Whether by plane, train, automobile, or even boat, traveling while pregnant involves its own set of challenges and guidelines. But a little advance planning along with some common sense can make all the difference in the world, anywhere in the world when it comes to pregnancy travel. The most important question is how safe is traveling in pregnancy. Generally traveling is safe when you are pregnant. Universal precautions include that avoid less important work, do things slowly rather than running around and take rest in between, wear loose-fitting clothes, drink plenty of fluids and walk and stretch at regular intervals. Always carry your pregnancy hospital notes, memorize your due dates, carry sanitary napkins, over-the-counter medications like pain-killers, anti-vomiting medicines, and your prescribed medicines. If going on a holiday abroad, always buy travel insurance, and take the vaccines that are recommended.

"It's wrong to say a categorical 'no' when it comes to traveling while pregnant," says Frank A. Chervenak, MD. Chervenak is a professor and chairman of the department of obstetrics and gynaecology and the director of maternal-foetal medicine at Weill Medical College of Cornell University in New York City. "You need to individualize each and every situation," he says. For example, "I can imagine a scenario after eight months where travel is permitted."

The bottom line? "Discuss any travel with your doctor and see what he or she thinks," Chervenak says. "If your doctor is concerned, then you should be concerned and really weigh whether the travel is necessary." 

"I always tell my patients no travel after 32 weeks, because if she delivers, she won't have me there," says Elizabeth Nye, MD, an obstetrician at Rush Presbyterian St. Luke's Medical Centre in Chicago. "She may have to deliver in a strange place with a doctor she has never met." 
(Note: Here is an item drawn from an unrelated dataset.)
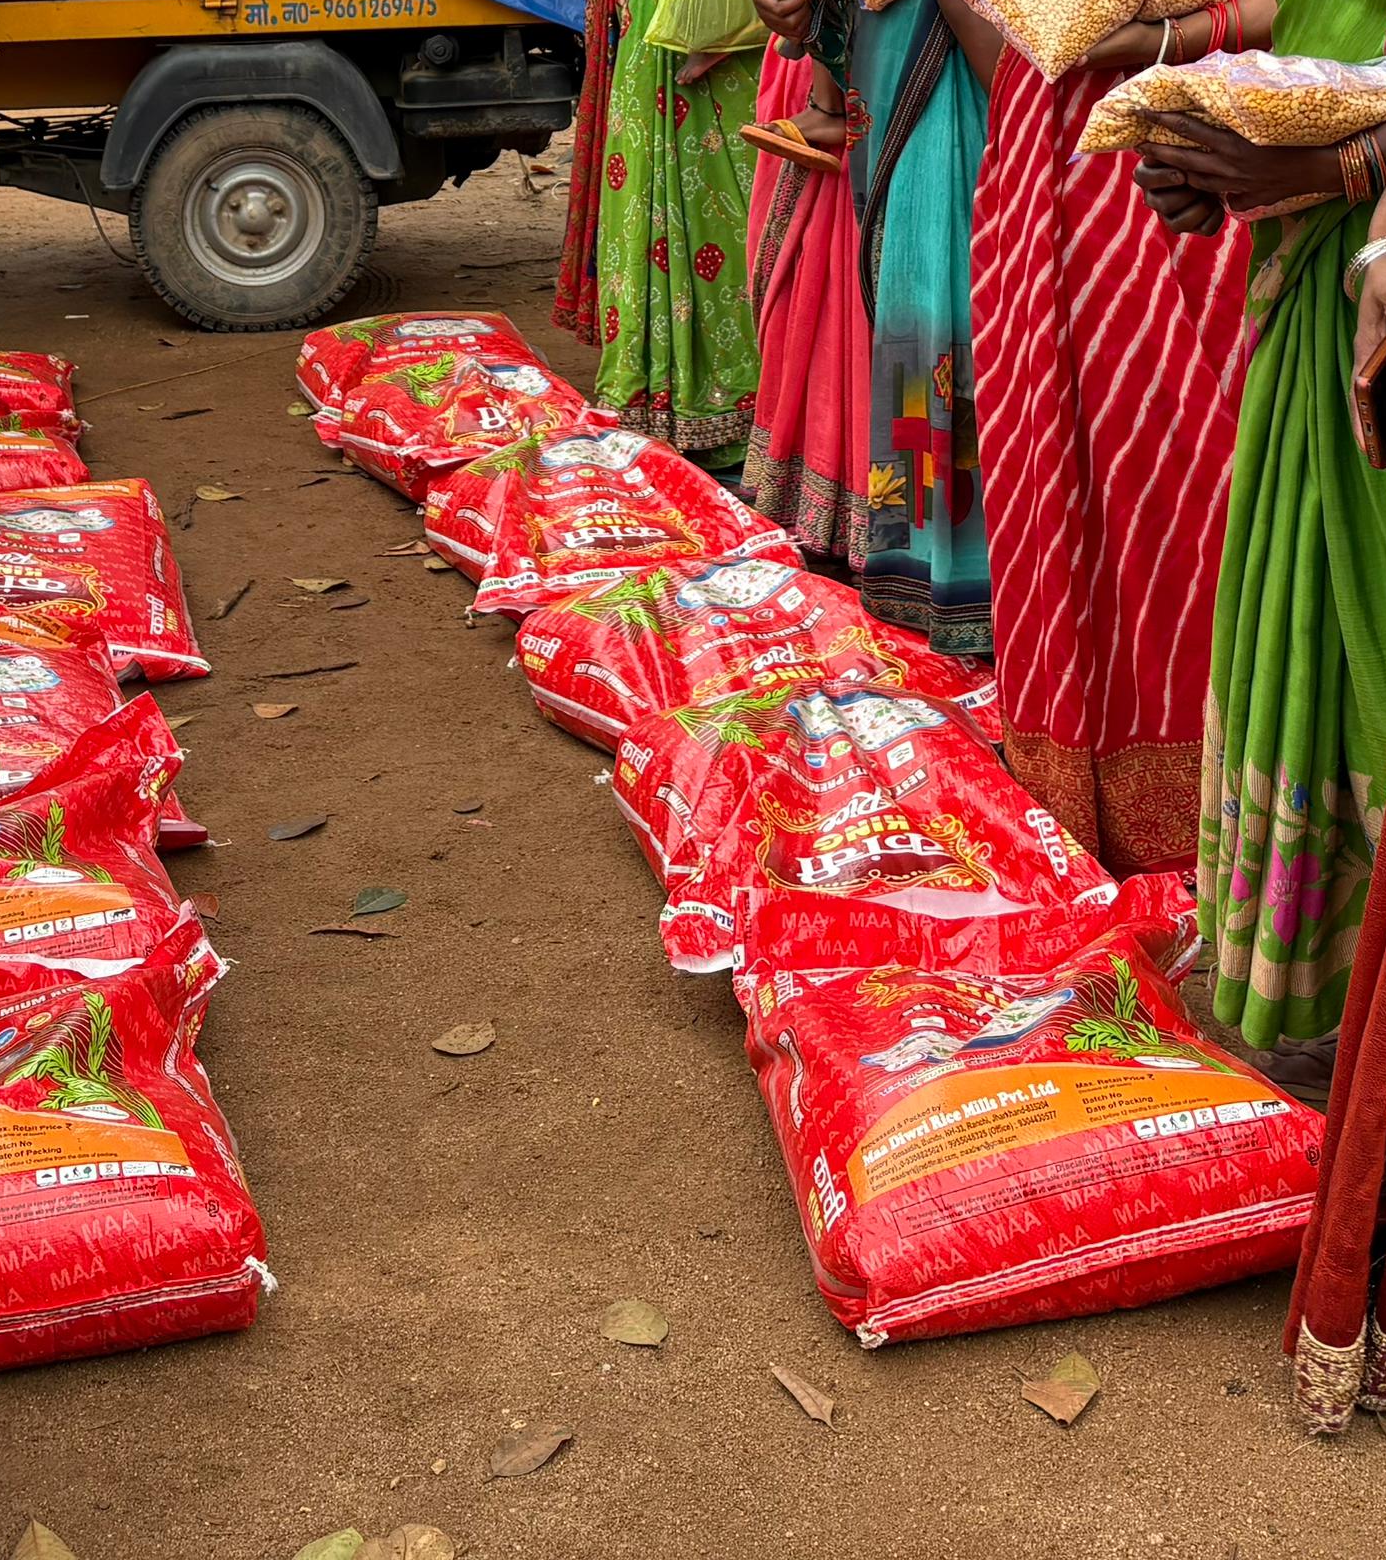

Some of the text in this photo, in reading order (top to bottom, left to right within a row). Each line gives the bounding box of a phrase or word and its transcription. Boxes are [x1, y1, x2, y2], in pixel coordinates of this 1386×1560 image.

There is some general common-sense advice for all women who are traveling while pregnant no matter what transportation route you take or where your destination is:

  • Consider buying trip insurance. "You never know what will happen during any pregnancy, and this way you are covered if you have to cancel your trip for any reason," Nye says.
  • Schedule a check-up before your vacation so you can get a green light from your doctor.
  • Travel with a copy of your prenatal records and copies of any relevant ultrasounds.
  • Keep your prenatal vitamins and any other medications you need in your purse in case you get separated from bags.
  • Program your obstetrician's number into your cell phone and make sure that your travel companion also has their number handy.
  • Get a phone number of a local doctor just in case.


As long as you and your baby are fine, air travel is safe till 36 weeks of pregnancy. All airlines will allow travel till 28 weeks of pregnancy, and many allow till 34-36 weeks. Hence if you are in the last third of your pregnancy, enquire from the airlines before booking tickets. Air travel is not recommended after 36 weeks. It is recommended also to not travel by air in certain conditions like pre-eclampsia, placenta previa / low lying placenta if you are carrying more than 1 foetus (twin or triplet pregnancy), or if you are in labour. Inside the airplane, move out of your seat once every 30 mins and walk down the aisle. Choose an aisle seat for yourself as this will help you straighten your legs and move in and out easily. Always wear a seat belt. Drink plenty of fluids.



This is considered safe until 36 weeks. The universal precautions mentioned above would apply while traveling by train. Choose the lower berth for you instead of the middle or upper berth in the sleeper coaches. While traveling by local commuter trains within the city, try and avoid the super-rush hours where you may need to stand for long and the train is jam-packed with commuters. Claim the dependent seats for yourself.



Wear your seat belt WITHOUT FAIL, even if you are in the back seat. Buckle the belt over your hip bones under your belly. The upper shoulder strap should go above your belly through the center of the chest (in between your breasts). If you are on a long drive, take frequent stops where you are able to get out of the car and are able to stretch your legs and move around a bit. Again, keep hydrated.


Not an ideal mode of transport when you are pregnant. The patient may have hypertension /giddiness & difficulty in balancing, they may fall so better to avoid motorcycle/bike traveling, but sometimes it may be inevitable, especially in a country like India. Make sure you sit with legs on each side of the seat as in case of a jerk or bump, you are less likely to fall. Avoid wearing a sari and do not take any chunni/dupatta. Keep away your chunni or dupatta in your bag as they may get coiled up in the wheel and in case of fall can cause strangulation. Drive slowly and avoid potholes as much as safely possible. Glide over bumps and speed breakers gently. Follow traffic rules while riding. Give appropriate indicators before each turn. Avoid speeding. Avoid zigzag trespassing.



These are common modes of public transport in India. These usually do not have any seat belts or any safety features. Also built -the material is flimsy. Also, the drivers are quite reckless and indulge in speeding. Hence best is to avoid, but again availing these may be inevitable. In that case, the safest thing is to inform the driver that you are pregnant and hence to drive gently and safely following traffic rules.